Chef von Südkoreas Regierungspartei besucht Norden
Seoul (dpa) - Der Vorsitzende der südkoreanischen Regierungspartei (GNP) will Präsident Lee Myung Bak zu größerer Nachgiebigkeit gegenüber dem kommunistischen Nordkorea bewegen.
Er wolle versuchen, dass die Regierung in Seoul ihr Prinzip eines strikten wechselseitigen Gebens und Nehmens durch eine „flexible Wechselseitigkeit“ ersetze, sagte GNP-Chef Hong Joon Pyo am Freitag nach dem Besuch in einem gemeinsamen Industriepark im Nachbarland. Nordkorea hatte trotz der Spannungen mit Südkorea dem Besuch Hongs vorher zugestimmt.
So wolle er mit der Regierung über eine Lockerung der Sanktionen gegen Nordkorea diskutieren, wurde Hong vom Rundfunksender KBS zitiert. Das Regime in Pjöngjang rief er zugleich auf, seine Haltung gegenüber Seoul zu ändern, um die derzeit festgefahrene Situation zu überwinden. Nordkoreanische Regierungsvertreter hatte Hong während seines Besuchs des Gewerbeparks in der Grenzstadt Kaesong nicht getroffen.
Hong besichtigte Fabriken und traf sich mit Unternehmern. In dem Komplex arbeiten mehr als 45 000 niedrig bezahlte nordkoreanische Arbeiter für rund 120, meist mittelständische Unternehmen aus Südkorea.
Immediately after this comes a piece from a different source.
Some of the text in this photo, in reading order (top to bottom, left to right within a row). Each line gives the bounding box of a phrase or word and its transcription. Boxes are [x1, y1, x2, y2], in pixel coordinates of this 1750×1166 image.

Hong sagte, er wolle sich bei der Regierung in Seoul für mehr Freiheiten der in Kaesong produzierenden Unternehmen einsetzen.
Hongs Reise war nach zaghaften Annäherungsversuchen in den vergangenen Monaten zwischen beiden Ländern zustande gekommen. Seoul hatte unter anderem wieder Vertretern von Hilfsorganisationen die Reise nach Nordkorea erlaubt. Auch trafen sich Unterhändler beider Länder im Juli und im September, um über eine Wiederaufnahme der Mehrparteiengespräche über das nordkoreanische Atomprogramm zu reden.
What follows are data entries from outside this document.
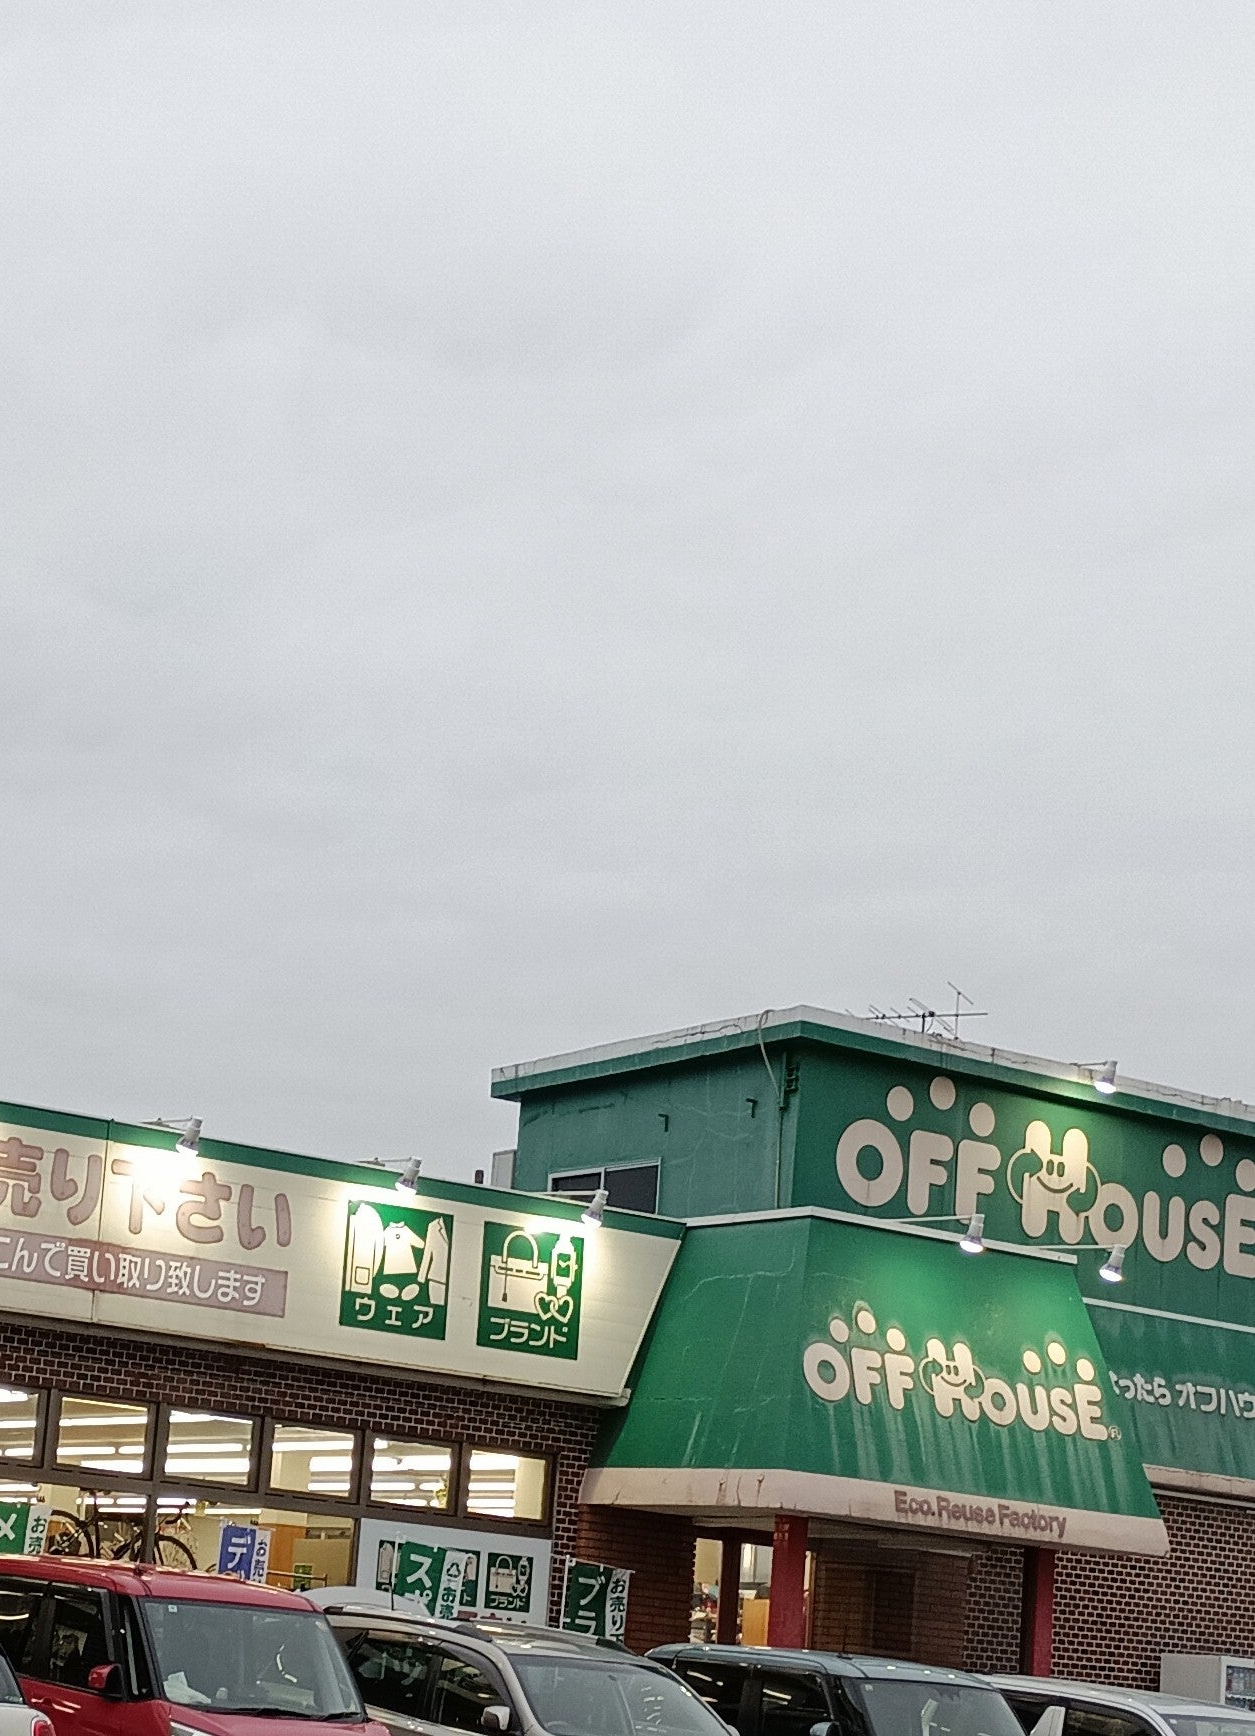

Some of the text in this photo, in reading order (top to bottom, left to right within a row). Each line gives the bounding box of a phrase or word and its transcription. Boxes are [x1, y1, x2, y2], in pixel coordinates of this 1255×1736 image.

[836, 1117, 1255, 1279] OFF HOUSE
[490, 1317, 568, 1349] ブランド
[803, 1338, 1108, 1442] OFF HOUSE
[998, 1503, 1067, 1539] Factory
[253, 1540, 268, 1583] お売
[489, 1595, 526, 1609] ブランド
Nach dem Untergang eines seiner Marineschiffe im März 2010 hatte Südkorea Strafmaßnahmen gegen Pjöngjang verhängt. Seoul macht den Norden für den Vorfall verantwortlich, durch den sich die Spannungen verschärft hatten. Im November hatte Nordkoreas Küstenartillerie eine südkoreanische Insel beschossen. Bei beiden Zwischenfällen waren insgesamt 50 Menschen ums Leben gekommen. Den Betrieb des Industrieparks hatten beide Länder, von einzelnen Unterbrechungen abgesehen, weiterlaufen lassen.